Saved entries
-- Opening Marker --
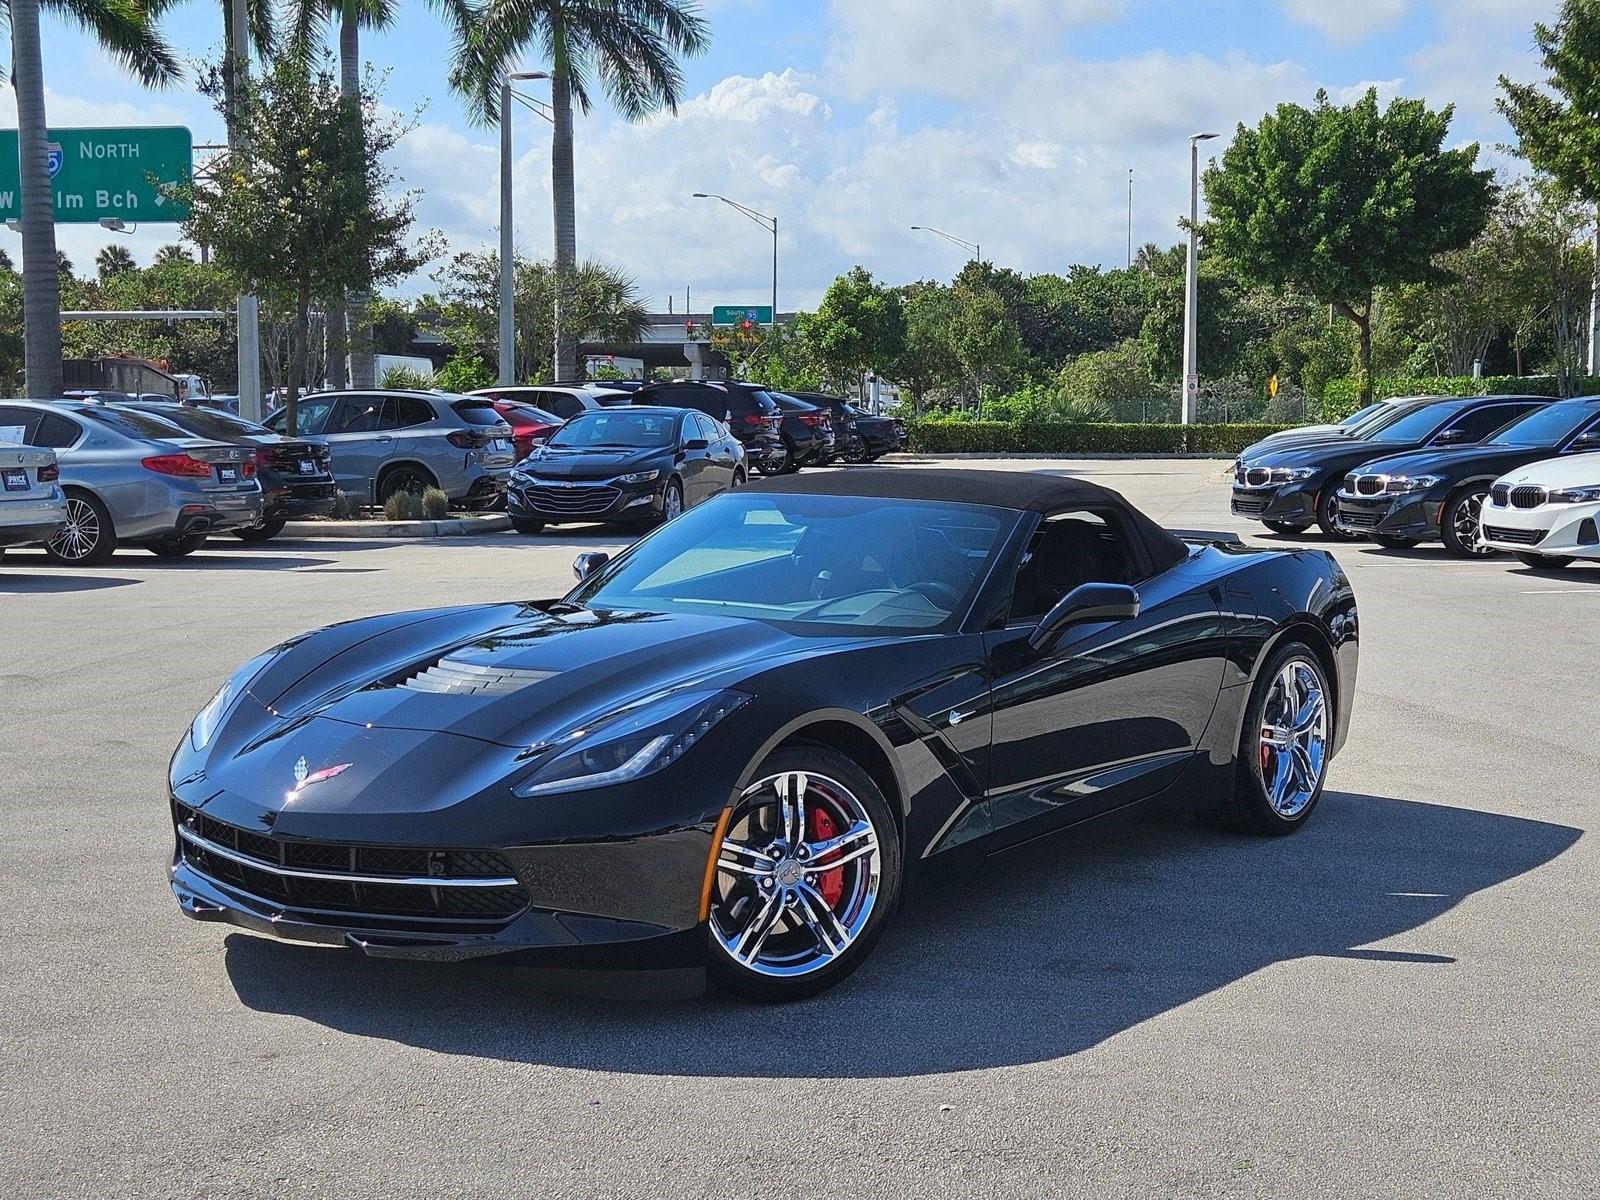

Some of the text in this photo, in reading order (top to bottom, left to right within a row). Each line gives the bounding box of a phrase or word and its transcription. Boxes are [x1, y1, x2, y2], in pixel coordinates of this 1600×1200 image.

[47, 141, 139, 171] 5 NORTH
[96, 189, 138, 208] Bch
[8, 475, 27, 483] PRICE
[221, 469, 235, 477] PRICE
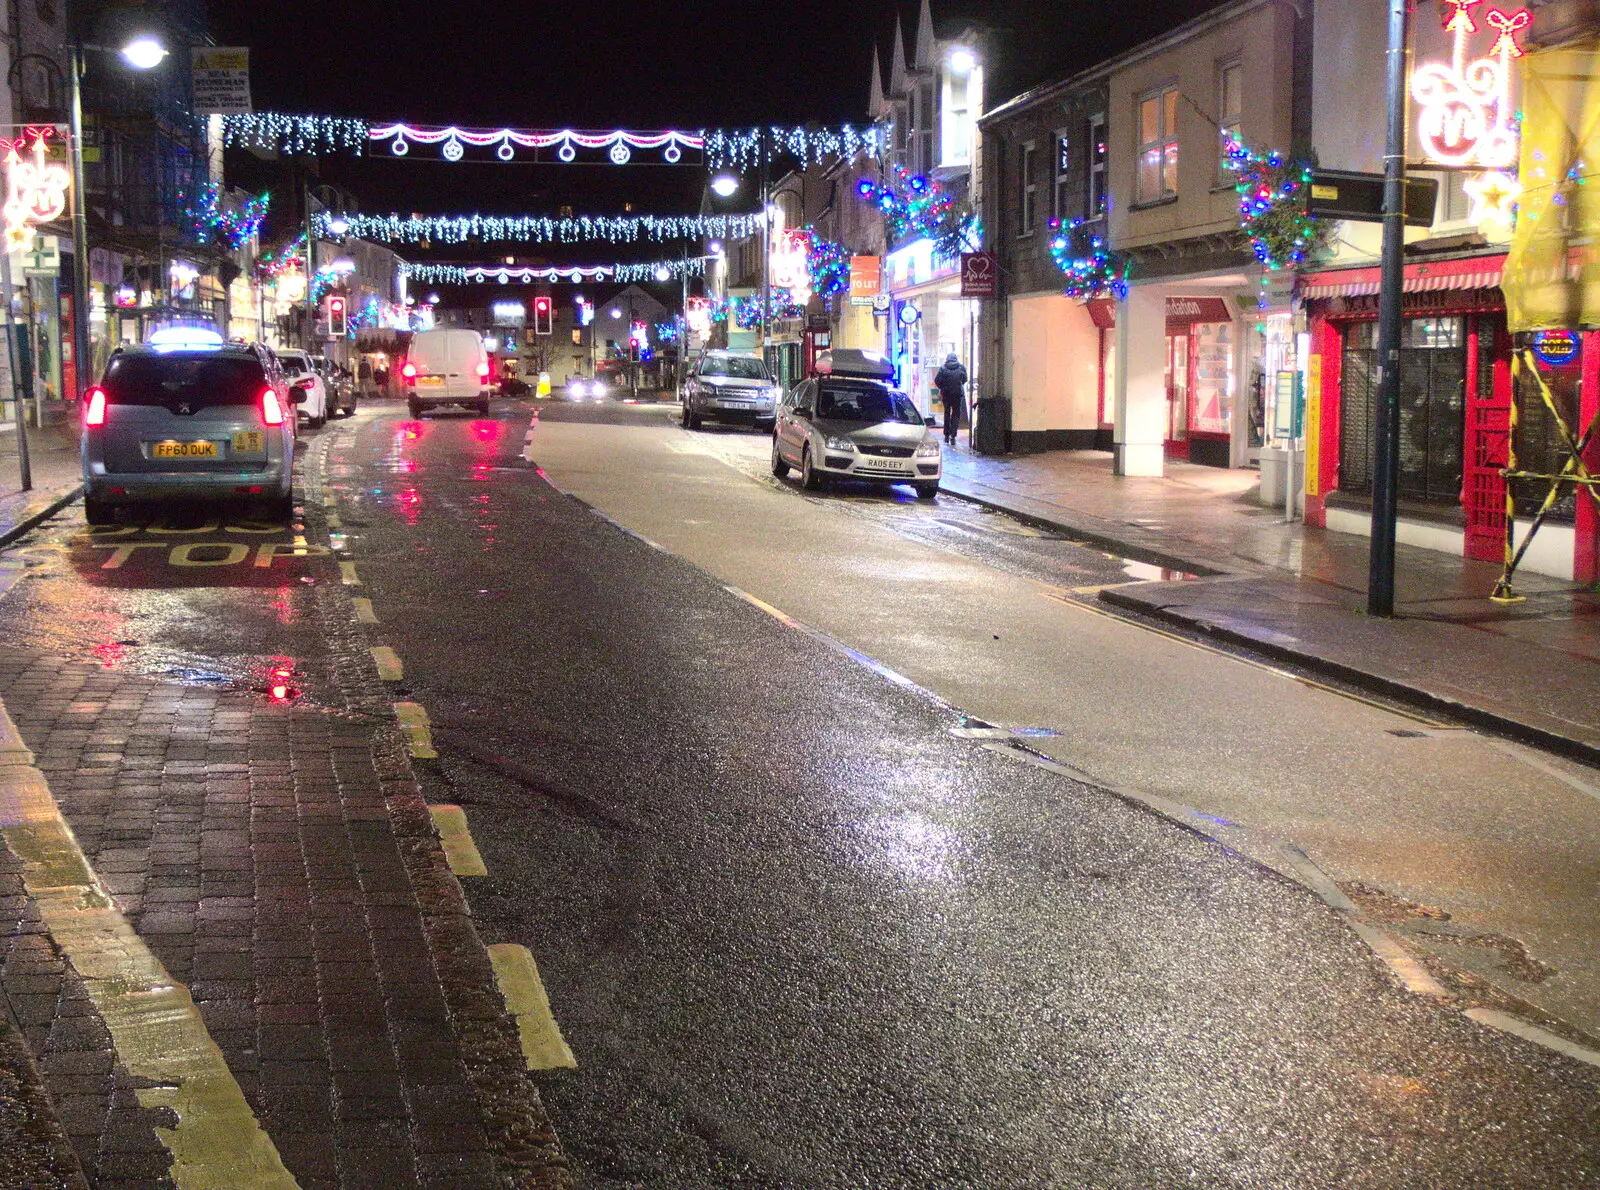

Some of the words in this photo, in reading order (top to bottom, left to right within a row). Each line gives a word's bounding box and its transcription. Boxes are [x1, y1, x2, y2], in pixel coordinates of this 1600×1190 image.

[25, 268, 56, 276] Pharmacy
[851, 280, 862, 289] TO
[863, 280, 877, 289] LET
[1540, 338, 1574, 354] GOLD
[158, 444, 188, 456] FP60
[868, 459, 887, 468] RA05
[888, 461, 903, 469] EEY
-- Closing Marker --
Could every entry be restated word for word, pictures excluded?

Some of the text in this photo, in reading order (top to bottom, left to right within a row). Each line gives the bounding box of a phrase or word and its transcription. Boxes are [x1, y1, x2, y2], in pixel coordinates of this 1600×1200 image.

[47, 141, 139, 171] 5 NORTH
[96, 189, 138, 208] Bch
[8, 475, 27, 483] PRICE
[221, 469, 235, 477] PRICE

Some of the words in this photo, in reading order (top to bottom, left to right within a row). Each line gives a word's bounding box and its transcription. Boxes are [x1, y1, x2, y2], in pixel coordinates of this 1600×1190 image.

[25, 268, 56, 276] Pharmacy
[851, 280, 862, 289] TO
[863, 280, 877, 289] LET
[1540, 338, 1574, 354] GOLD
[158, 444, 188, 456] FP60
[868, 459, 887, 468] RA05
[888, 461, 903, 469] EEY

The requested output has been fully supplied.